Gewalt gegen Frauen und Mädchen
Am 30. August 2011 fällte das südkoreanische Verfassungsgericht ein Urteil in Bezug auf die koreanischen Frauen, die vor und während des Zweiten Weltkriegs Opfer der sexuellen Versklavung durch das japanische Militär geworden waren. Das Gericht entschied, es sei verfassungswidrig, dass die südkoreanische Regierung keine konkreten Schritte unternehme, um den Streit mit Japan über Entschädigungszahlungen für die Überlebenden zu klären. Japan lehnte es weiterhin ab, die koreanischen Opfer der sexuellen Versklavung durch das japanische Militär zu entschädigen. Das Verfassungsgericht stellte fest, dass Südkorea mit seiner Untätigkeit die grundlegenden Rechte der sogenannten Trostfrauen verletze. Im Oktober brachte die südkoreanische Regierung das Thema der vom japanischen Militär systematisch betriebenen sexuellen Sklaverei vor den Vereinten Nationen zur Sprache. Dabei vertrat Südkorea die Auffassung, die systematische Vergewaltigung und sexuelle Sklaverei komme Kriegsverbrechen und unter bestimmten Umständen auch Verbrechen gegen die Menschlichkeit gleich. Die japanische Regierung verwies in ihrer Antwort darauf, dass alle Fragen im Rahmen von Verträgen geregelt worden seien.
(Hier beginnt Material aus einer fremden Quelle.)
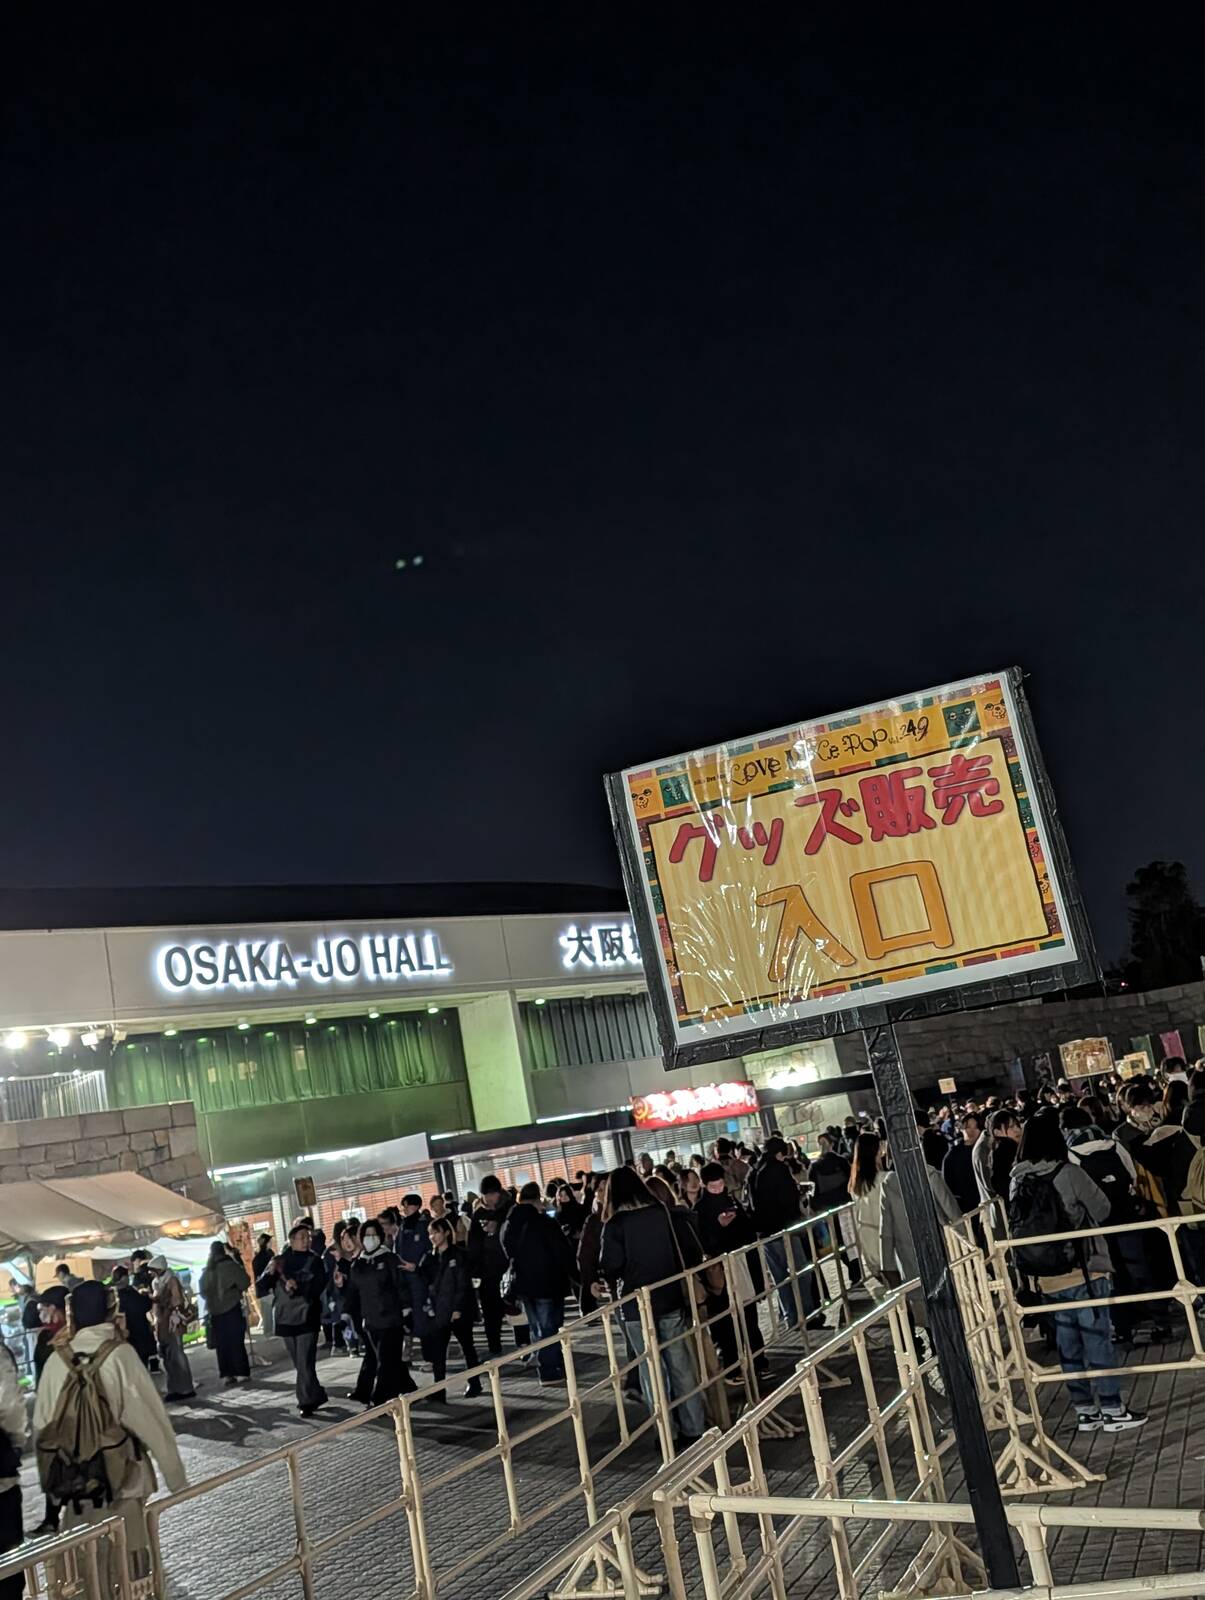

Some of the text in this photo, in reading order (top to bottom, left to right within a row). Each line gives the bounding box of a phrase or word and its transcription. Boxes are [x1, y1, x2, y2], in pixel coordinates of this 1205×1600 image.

[668, 754, 1004, 882] グッズ販売
[164, 936, 452, 987] OSAKA-JO HALL
[755, 860, 954, 982] 入口
Am 14. Dezember 2011 versammelten sich politisch engagierte Menschen und überlebende Frauen zum eintausendsten Mal zu einer Protestkundgebung vor der japanischen Botschaft in der südkoreanischen Hauptstadt Seoul. Die Kundgebung findet seit 1992 jede Woche statt.
Flüchtlinge und Asylsuchende
Schätzungsweise 1800 Personen stellten 2011 in Japan einen Asylantrag. Aus Anlass des 30. Jahrestags der Ratifizierung der Genfer Flüchtlingskonvention durch Japan verabschiedete das Parlament am 17. November eine Resolution, in der es sich zu dem Übereinkommen bekannte. Im Rahmen eines 2010 eingerichteten Programms zur Wiedereingliederung nahm Japan im Berichtsjahr 18 Flüchtlinge aus Myanmar auf, deren Status in Thailand geklärt worden war.
Einige Flüchtlinge aus Myanmar, die 2010 im Zuge des Programms aufgenommen worden waren, beklagten sich öffentlich, man würde sie zwingen, zehn Stunden am Tag zu arbeiten, sie würden von der Regierung nur unzureichend unterstützt und seien vor ihrer Ankunft in Japan von den Behörden gezielt falsch informiert worden.
Todesstrafe
Im Berichtsjahr wurden keine Todesurteile vollstreckt. 130 Gefangenen drohte weiterhin die Hinrichtung. Unter ihnen befanden sich auch mehrere psychisch Kranke. Im Oktober erklärte Justizminister Hideo Hiraoka, er werde die Todesstrafe nicht abschaffen, aber jeden Fall unter individuellen Gesichtspunkten prüfen. Vonseiten seiner Kabinettskollegen wurde Druck auf ihn ausgeübt, er solle die Hinrichtungen wieder aufnehmen. Am 31. Oktober 2011 urteilte das Bezirksgericht Osaka, die Exekution durch Erhängen sei verfassungskonform.